Robustness Analysis of AI Models in Critical Energy Systems
Pantelis Dogoulis, Matthieu Jimenez, Salah Ghamizi, Maxime Cordy, Yves Le Traon
TL;DR
This study reveals substantial robustness gaps in AI-based power-flow predictors when tested under the $N-1$ security criterion. By combining a graph-theoretic analysis of node connectivity with extensive experiments on IEEE 14 and IEEE 118 grids, it shows that line disconnections can cause 10–100× increases in prediction error, particularly for high-degree nodes. The authors demonstrate that including $N-1$ scenarios in training (mixed training) markedly improves robustness, suggesting practical scenario-aware data generation as a key direction. The work highlights the need to integrate topology changes into model design for reliable deployment in critical energy systems and points to future work on topology-aware sampling and more complex disturbances.
Abstract
This paper analyzes the robustness of state-of-the-art AI-based models for power grid operations under the $N-1$ security criterion.
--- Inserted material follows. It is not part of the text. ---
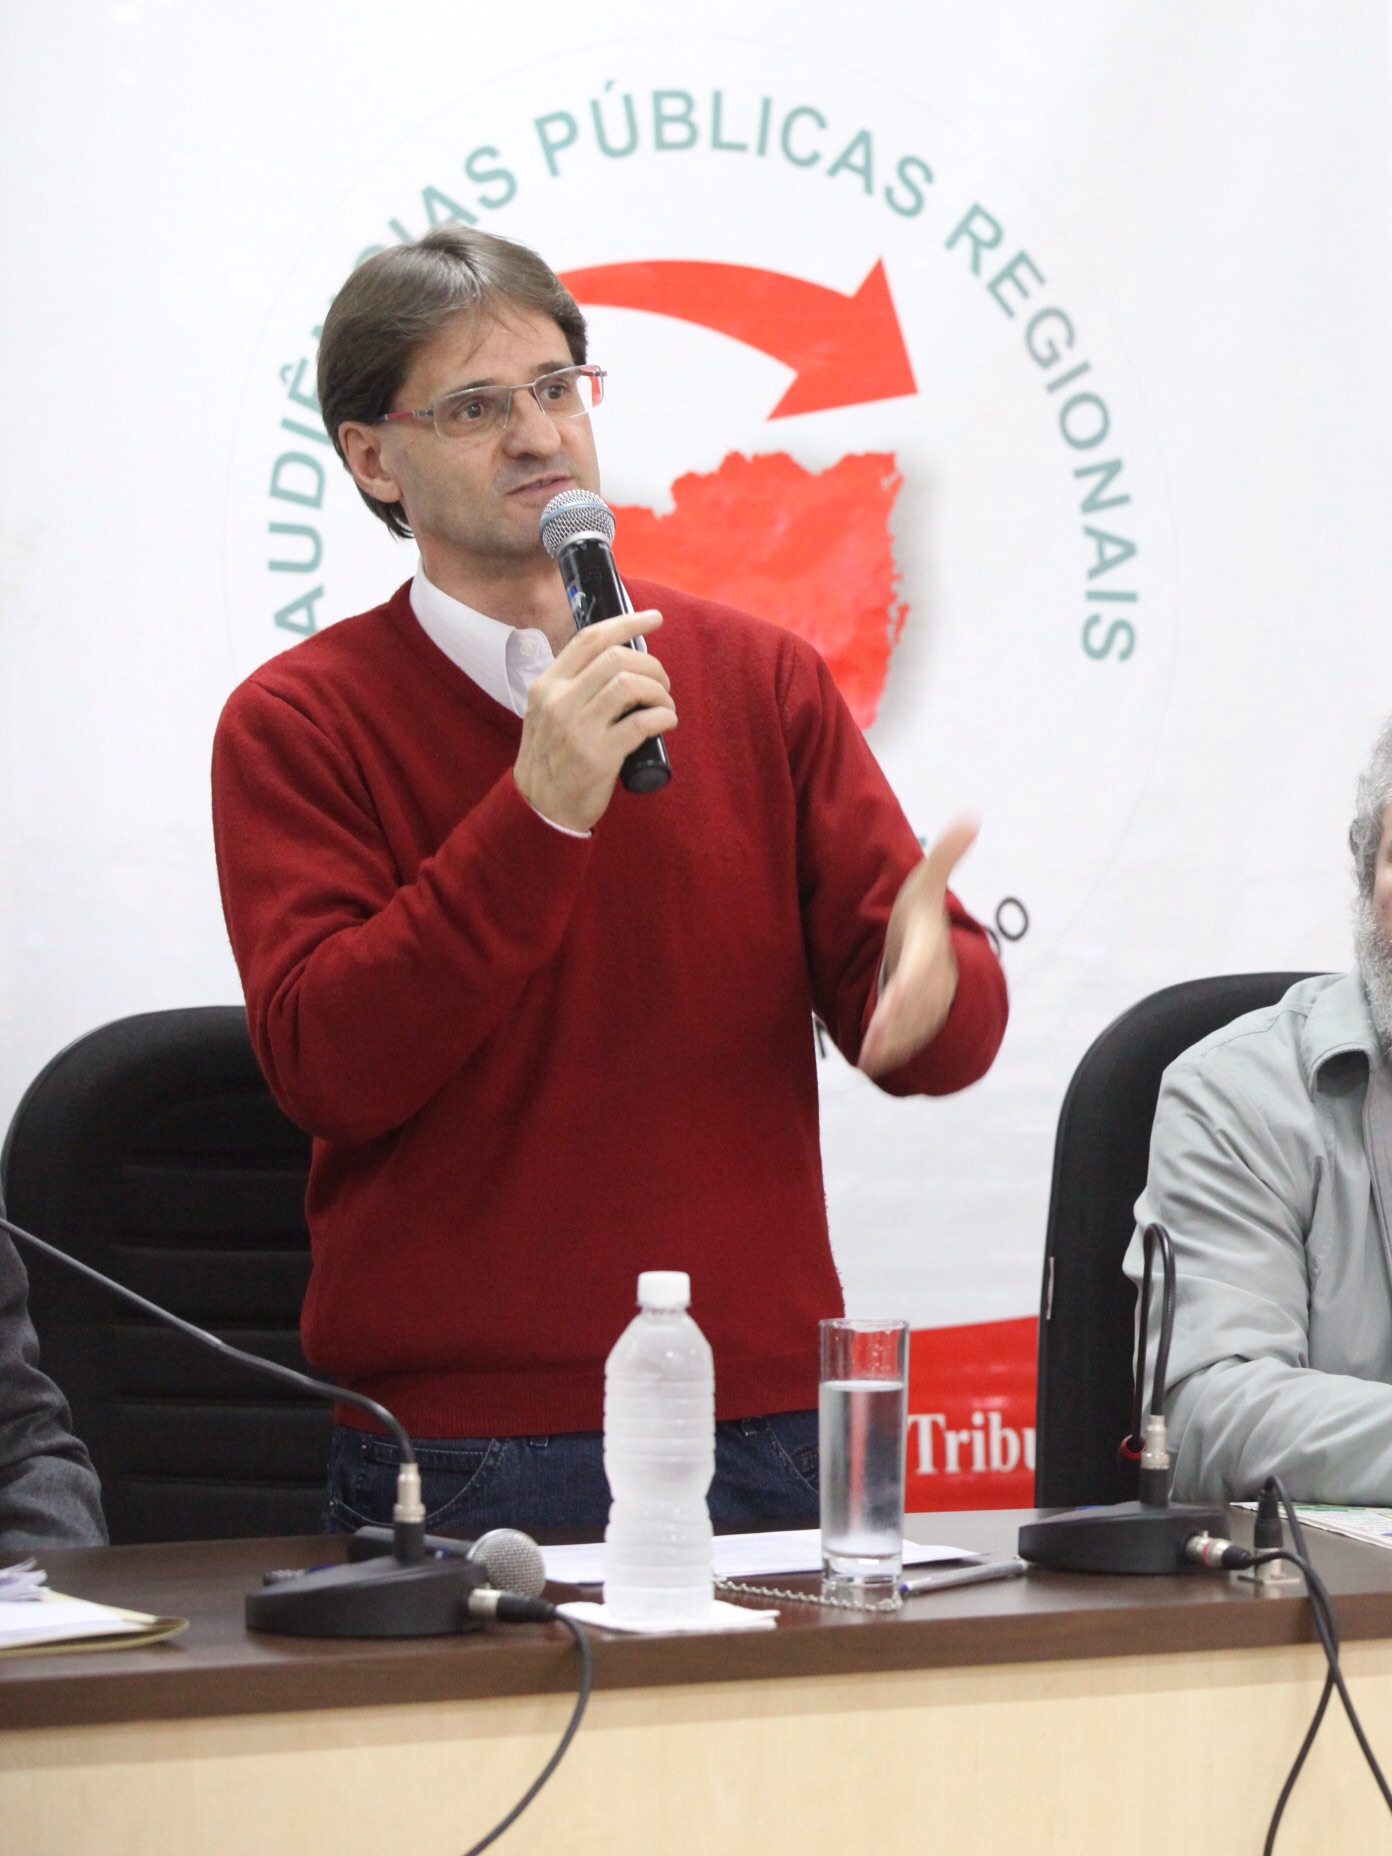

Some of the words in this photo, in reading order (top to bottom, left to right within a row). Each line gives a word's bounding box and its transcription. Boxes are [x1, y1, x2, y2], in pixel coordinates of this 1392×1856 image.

[267, 144, 518, 637] AUDIÊIAS
[533, 79, 935, 218] PÚBLICAS
[943, 201, 1139, 663] REGIONAIS
While these models perform well in regular grid settings, our results highlight a significant loss in accuracy following the disconnection of a line.%under this security criterion. Using graph theory-based analysis, we demonstrate the impact of node connectivity on this loss. Our findings emphasize the need for practical scenario considerations in developing AI methodologies for critical infrastructure.